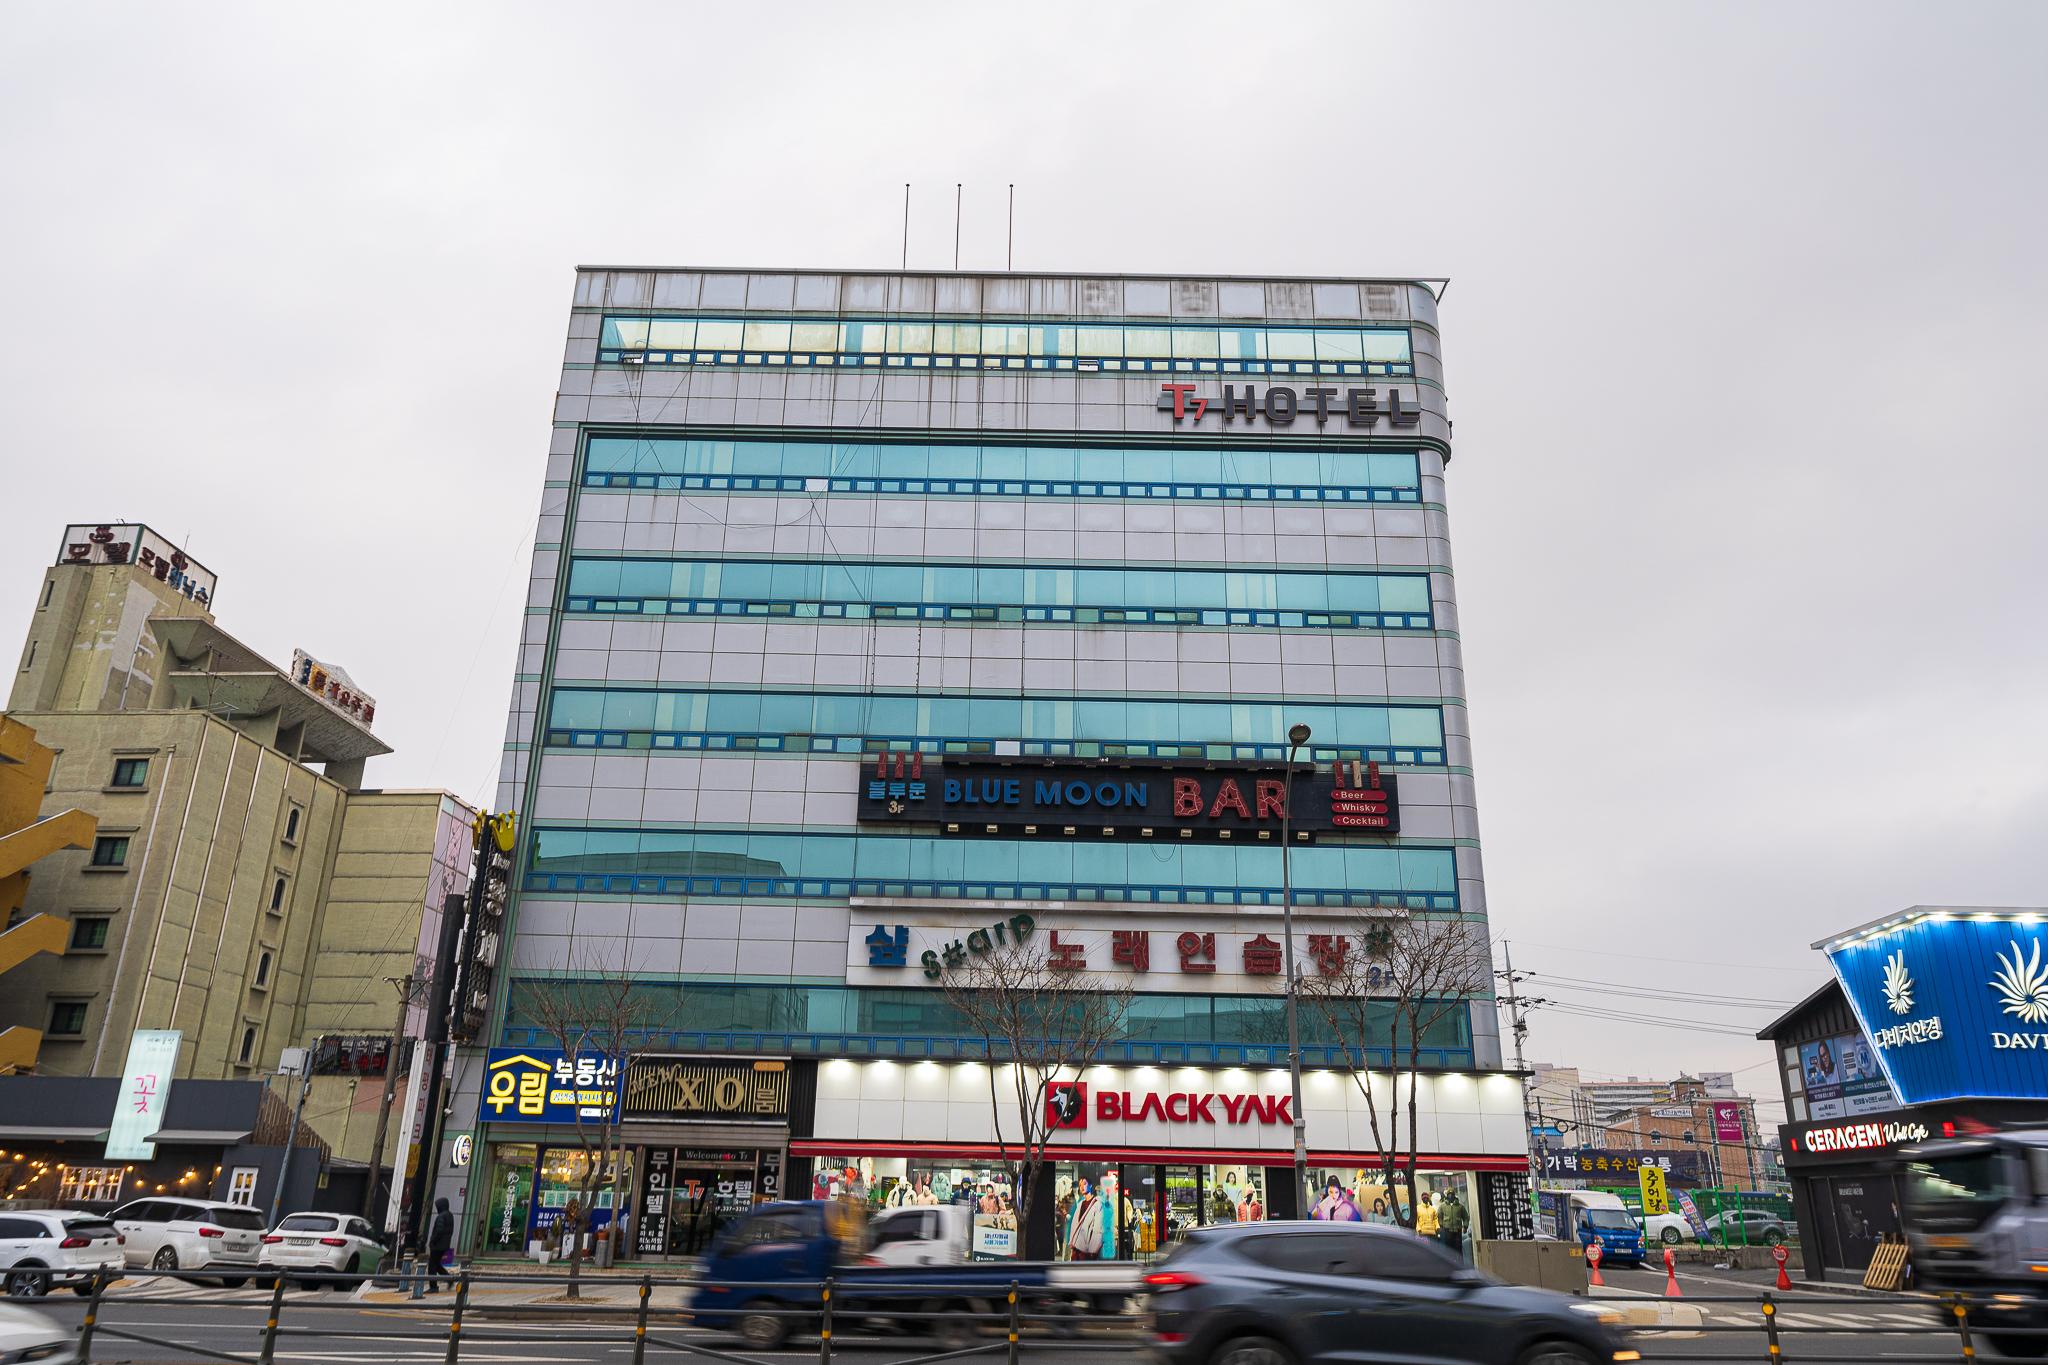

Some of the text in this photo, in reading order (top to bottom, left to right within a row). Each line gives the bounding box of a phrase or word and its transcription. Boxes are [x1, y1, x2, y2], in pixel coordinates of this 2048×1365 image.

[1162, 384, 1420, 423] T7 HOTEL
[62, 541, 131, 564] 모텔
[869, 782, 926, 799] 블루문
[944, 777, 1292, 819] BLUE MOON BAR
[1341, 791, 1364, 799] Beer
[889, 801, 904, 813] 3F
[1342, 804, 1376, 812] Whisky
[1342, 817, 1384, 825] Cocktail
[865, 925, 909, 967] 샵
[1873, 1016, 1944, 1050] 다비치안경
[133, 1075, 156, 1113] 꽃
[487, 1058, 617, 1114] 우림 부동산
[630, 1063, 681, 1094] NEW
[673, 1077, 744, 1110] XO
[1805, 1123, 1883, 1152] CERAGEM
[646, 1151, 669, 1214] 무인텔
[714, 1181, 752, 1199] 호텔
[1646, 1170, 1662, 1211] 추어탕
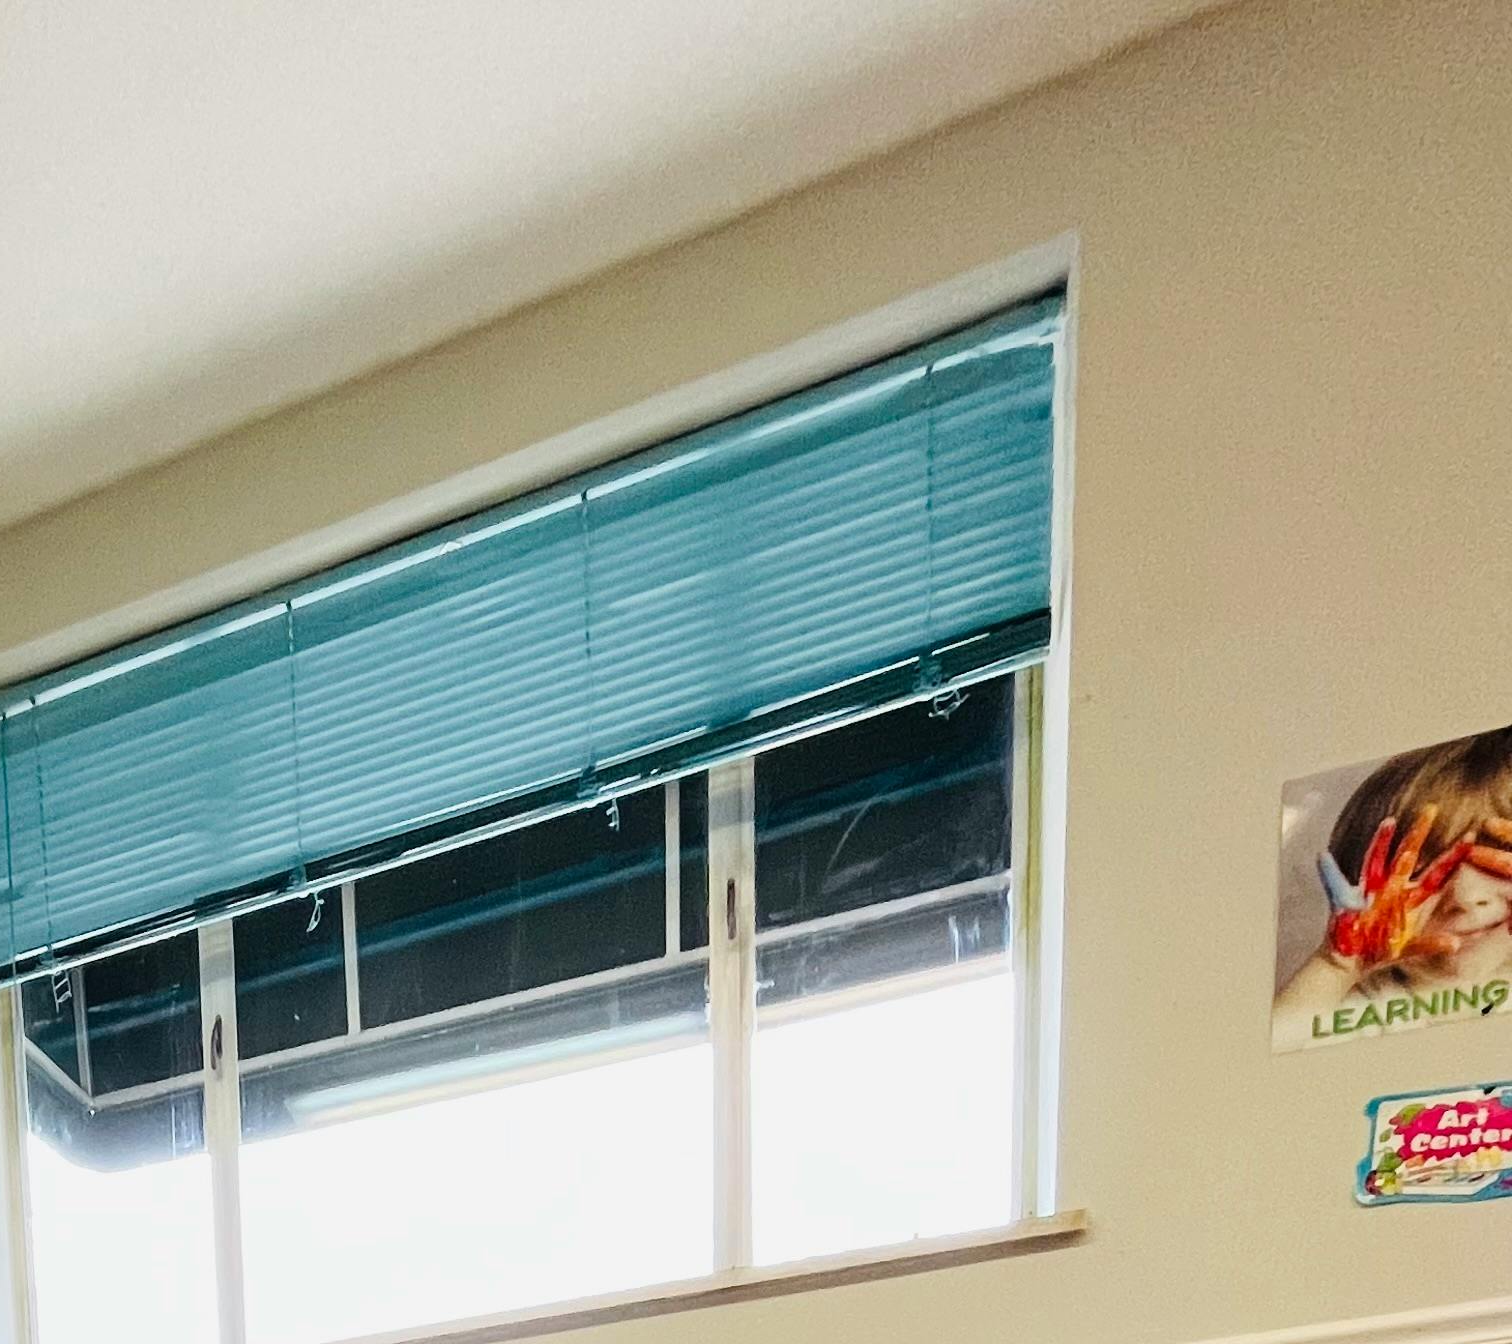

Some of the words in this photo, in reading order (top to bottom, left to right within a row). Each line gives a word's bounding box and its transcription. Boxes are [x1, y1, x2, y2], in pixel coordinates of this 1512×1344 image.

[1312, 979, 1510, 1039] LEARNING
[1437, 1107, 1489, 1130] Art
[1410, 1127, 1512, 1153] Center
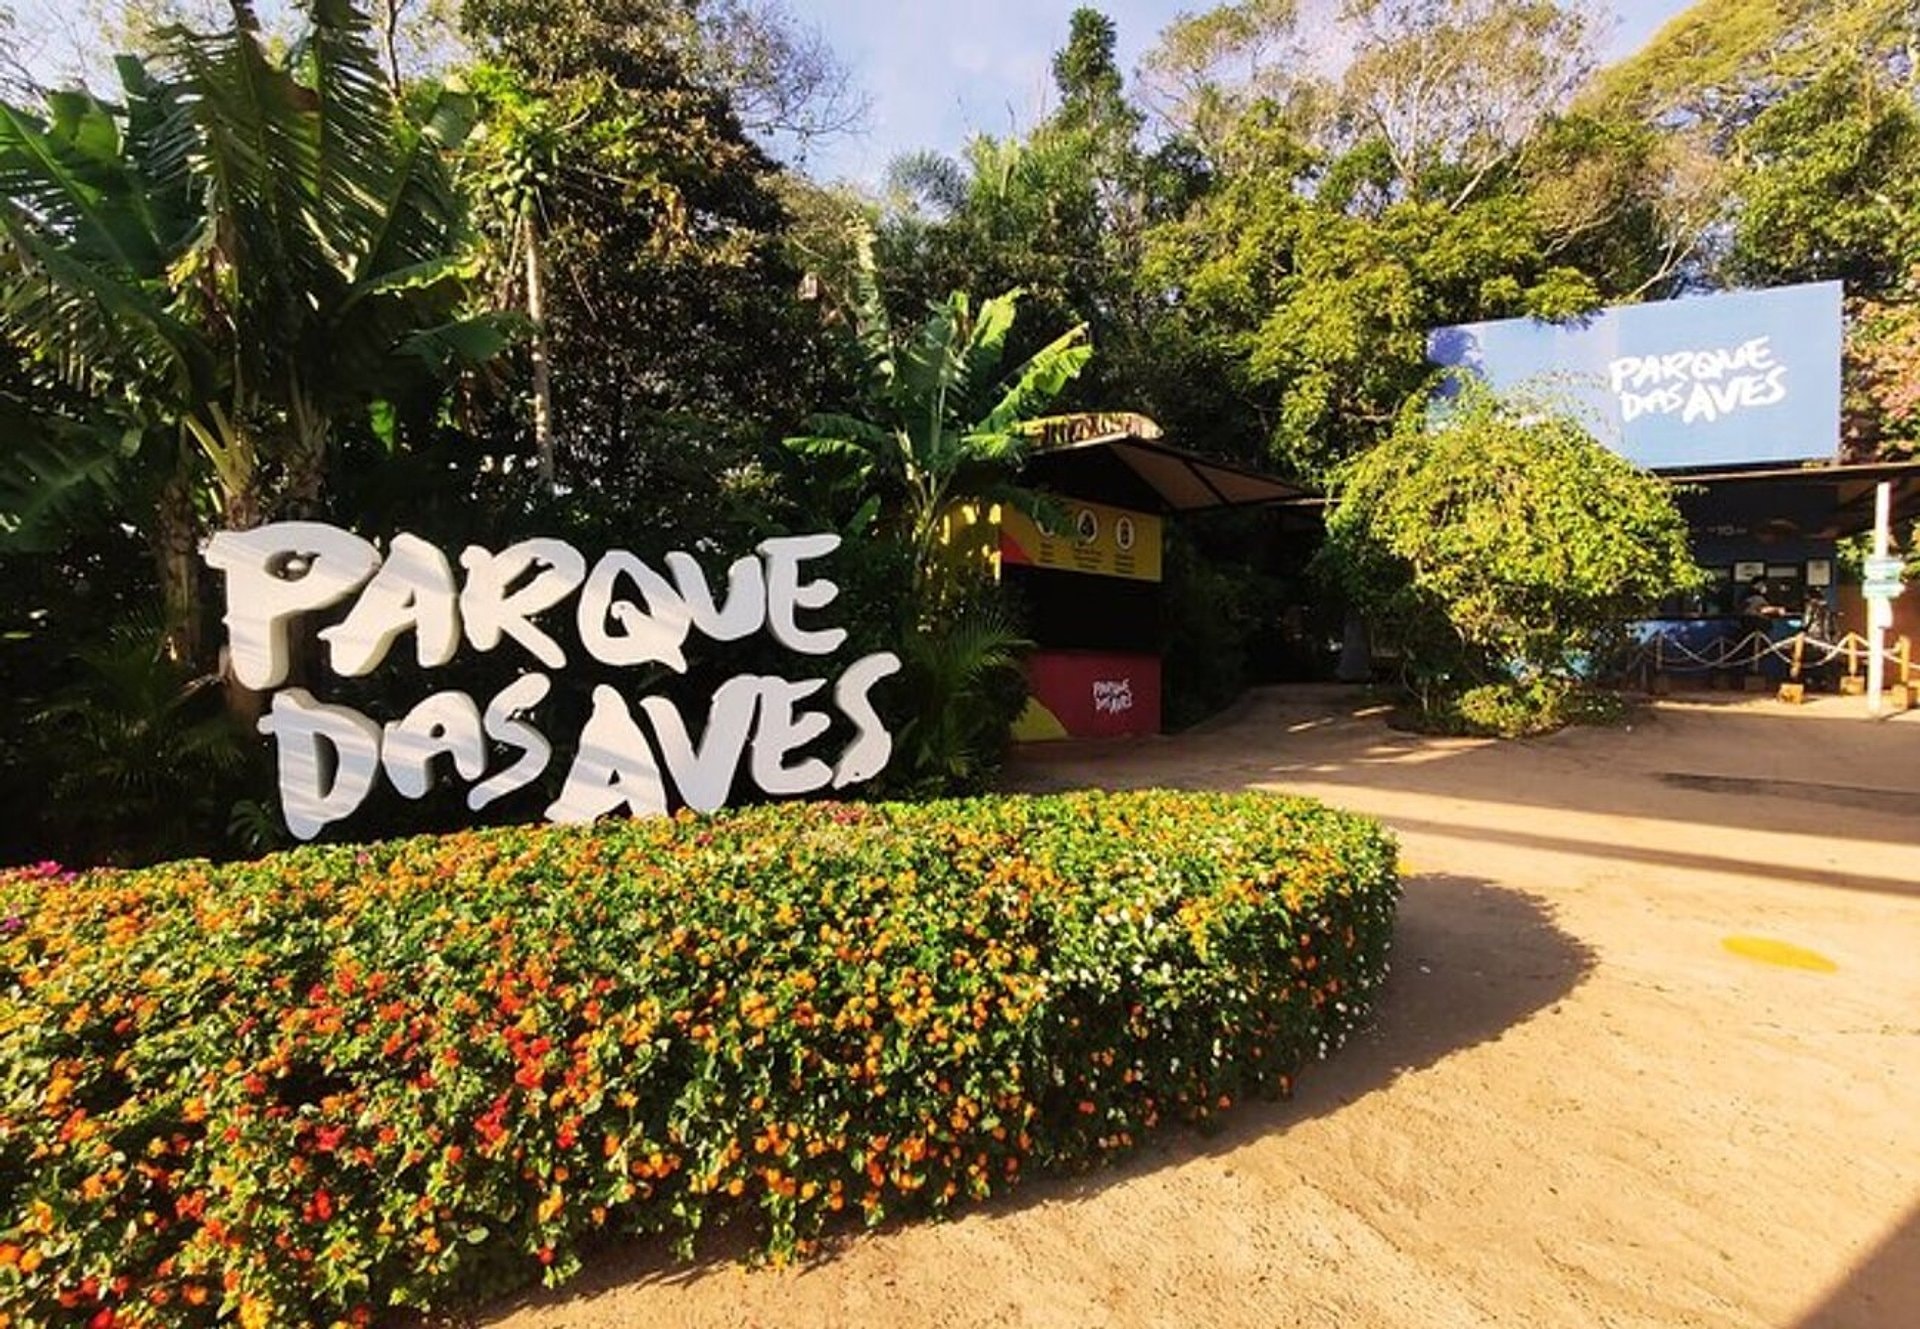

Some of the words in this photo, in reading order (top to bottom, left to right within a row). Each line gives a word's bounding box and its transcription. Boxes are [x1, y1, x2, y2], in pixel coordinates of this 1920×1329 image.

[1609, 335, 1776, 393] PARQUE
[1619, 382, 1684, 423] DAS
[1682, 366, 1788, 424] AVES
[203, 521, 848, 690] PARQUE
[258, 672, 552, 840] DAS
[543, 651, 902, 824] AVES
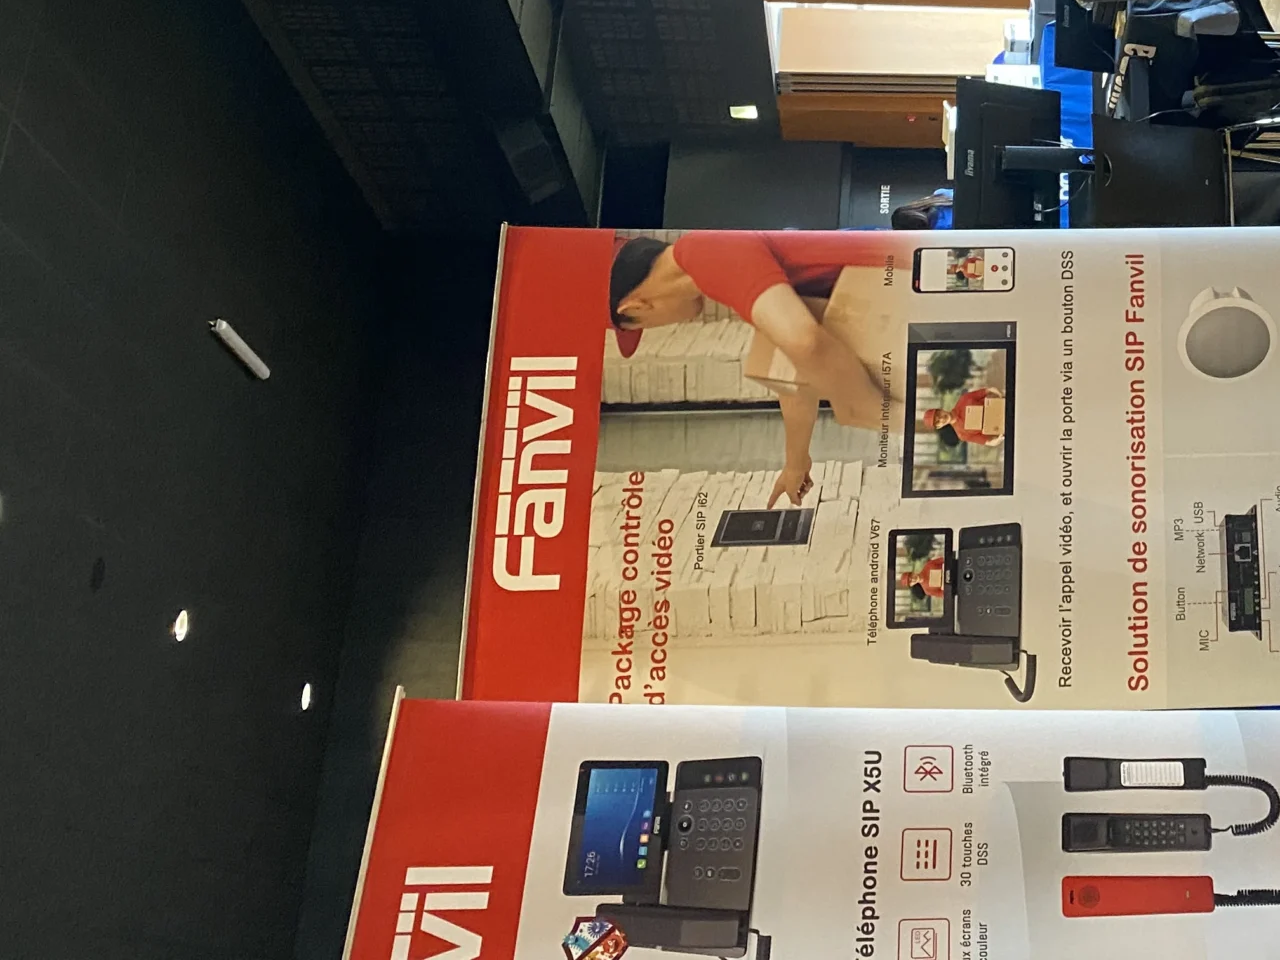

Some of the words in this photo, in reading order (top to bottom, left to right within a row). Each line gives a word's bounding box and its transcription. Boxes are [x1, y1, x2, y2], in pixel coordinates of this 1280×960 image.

····················

#### Task item
Every entry must be written out exactly, with all pictures left out.

#### Finished exercise
Some of the text in this photo, in reading order (top to bottom, left to right within a row). Each line gives the bounding box of a phrase or word and its transcription. Boxes are [x1, y1, x2, y2], in pixel coordinates of this 2048×1365 image.

[1162, 384, 1420, 423] T7 HOTEL
[62, 541, 131, 564] 모텔
[869, 782, 926, 799] 블루문
[944, 777, 1292, 819] BLUE MOON BAR
[1341, 791, 1364, 799] Beer
[889, 801, 904, 813] 3F
[1342, 804, 1376, 812] Whisky
[1342, 817, 1384, 825] Cocktail
[865, 925, 909, 967] 샵
[1873, 1016, 1944, 1050] 다비치안경
[133, 1075, 156, 1113] 꽃
[487, 1058, 617, 1114] 우림 부동산
[630, 1063, 681, 1094] NEW
[673, 1077, 744, 1110] XO
[1805, 1123, 1883, 1152] CERAGEM
[646, 1151, 669, 1214] 무인텔
[714, 1181, 752, 1199] 호텔
[1646, 1170, 1662, 1211] 추어탕

Some of the words in this photo, in reading order (top to bottom, left to right within a row). Each line gives a word's bounding box and its transcription. Boxes are [x1, y1, x2, y2], in pixel coordinates of this 1512×1344 image.

[1312, 979, 1510, 1039] LEARNING
[1437, 1107, 1489, 1130] Art
[1410, 1127, 1512, 1153] Center

Some of the words in this photo, in reading order (top to bottom, left to right within a row). Each line gives a word's bounding box and its transcription. Boxes are [x1, y1, x2, y2], in pixel coordinates of this 1920×1329 image.

[1609, 335, 1776, 393] PARQUE
[1619, 382, 1684, 423] DAS
[1682, 366, 1788, 424] AVES
[203, 521, 848, 690] PARQUE
[258, 672, 552, 840] DAS
[543, 651, 902, 824] AVES

Some of the words in this photo, in reading order (top to bottom, left to right within a row). Each line gives a word's bounding box and its transcription. Boxes are [x1, y1, x2, y2], in pixel coordinates of this 1280×960 image.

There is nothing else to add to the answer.